━━━━━ GIVEN RECORDS ━━━━━

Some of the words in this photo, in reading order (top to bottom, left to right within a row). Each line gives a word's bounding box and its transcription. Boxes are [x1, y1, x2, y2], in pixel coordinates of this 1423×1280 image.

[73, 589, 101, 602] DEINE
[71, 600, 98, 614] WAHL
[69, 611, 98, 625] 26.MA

━━━━━
━━━━━ GIVEN RECORDS ━━━━━

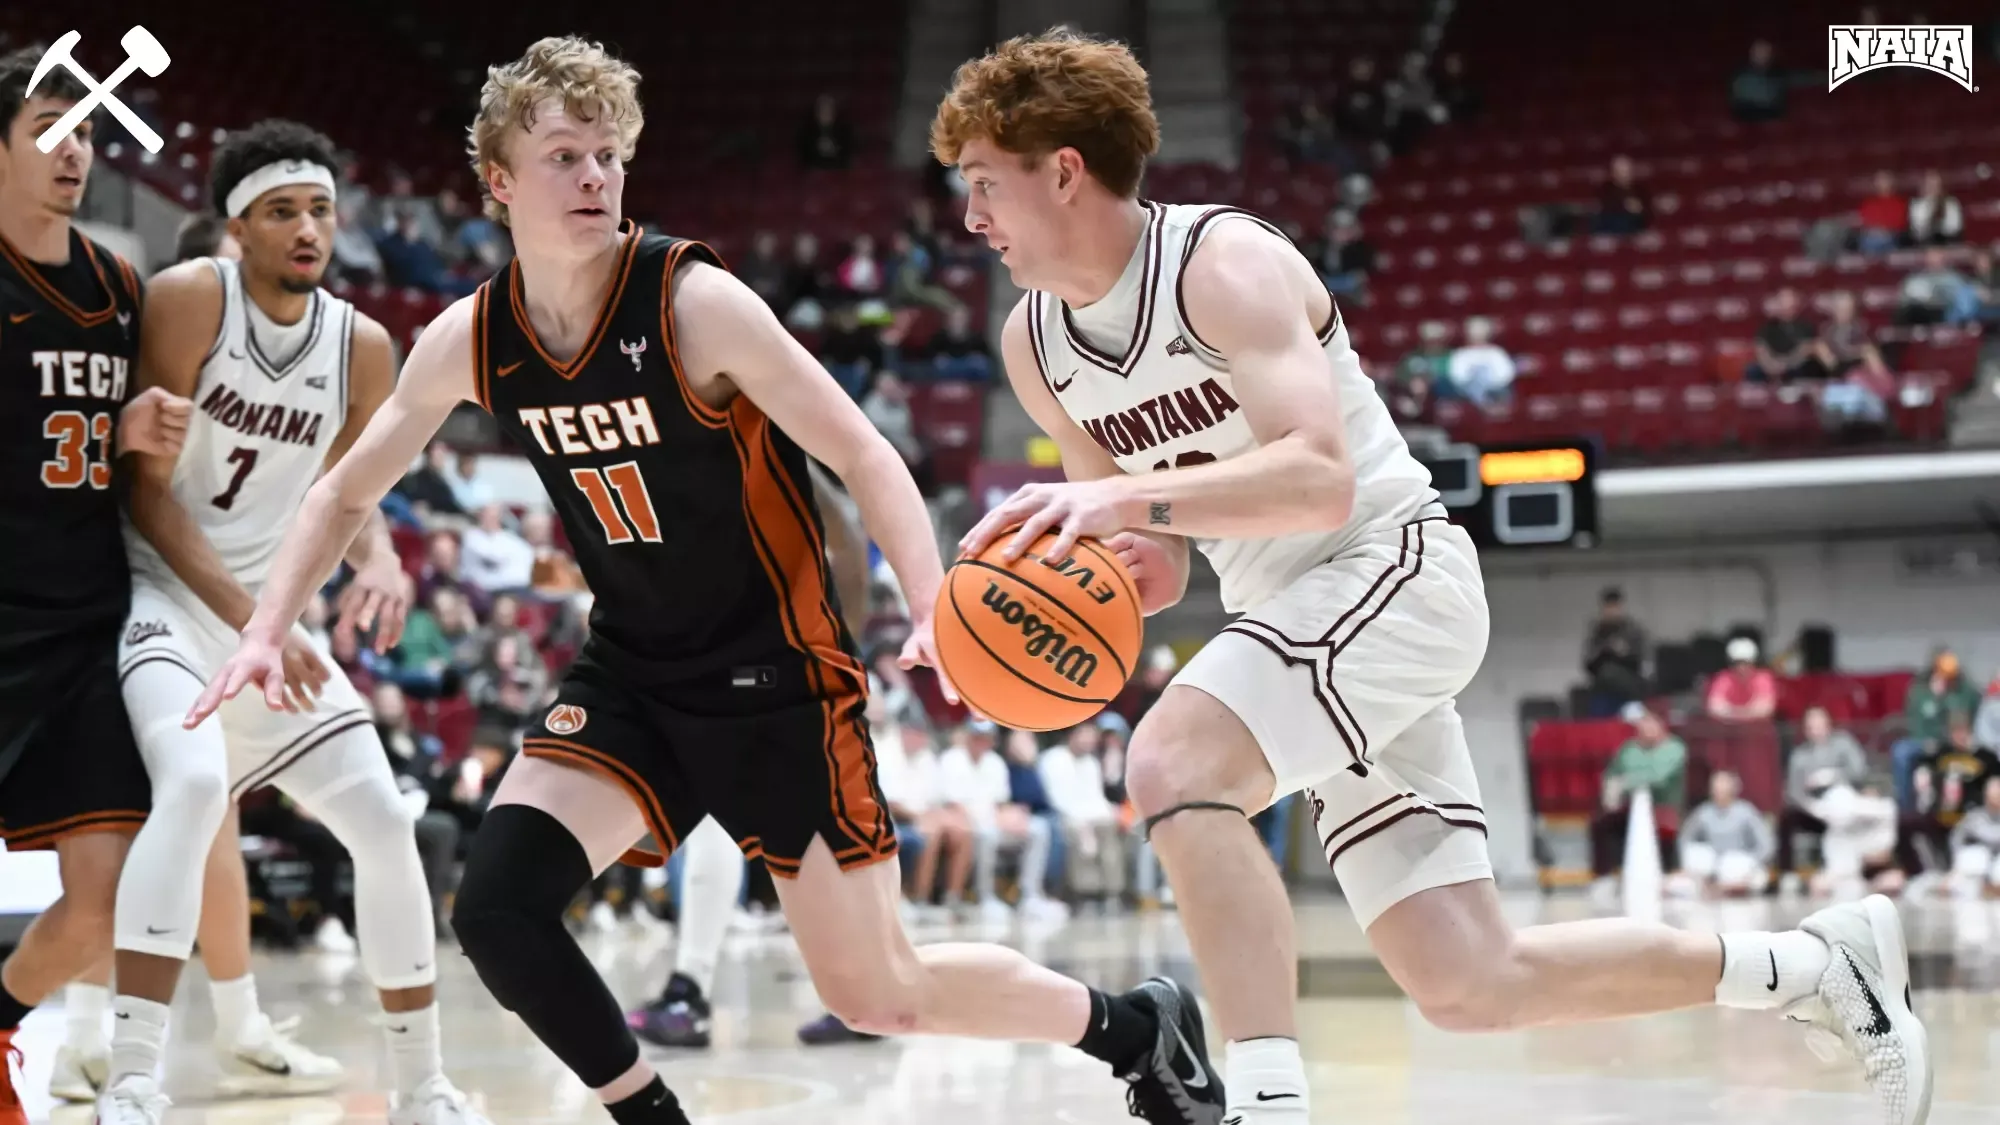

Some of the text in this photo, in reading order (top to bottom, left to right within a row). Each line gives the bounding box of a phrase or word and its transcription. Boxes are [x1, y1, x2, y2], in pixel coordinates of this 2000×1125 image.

━━━━━
━━━━━ GIVEN RECORDS ━━━━━

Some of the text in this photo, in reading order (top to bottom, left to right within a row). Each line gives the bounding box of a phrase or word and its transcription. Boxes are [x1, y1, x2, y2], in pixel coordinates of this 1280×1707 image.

━━━━━

THE TASK » Where does the word "phrase" appear in the records? Copy every line that holds it.

SOLVED PROBLEM »
Some of the text in this photo, in reading order (top to bottom, left to right within a row). Each line gives the bounding box of a phrase or word and its transcription. Boxes are [x1, y1, x2, y2], in pixel coordinates of this 2000×1125 image.
Some of the text in this photo, in reading order (top to bottom, left to right within a row). Each line gives the bounding box of a phrase or word and its transcription. Boxes are [x1, y1, x2, y2], in pixel coordinates of this 1280×1707 image.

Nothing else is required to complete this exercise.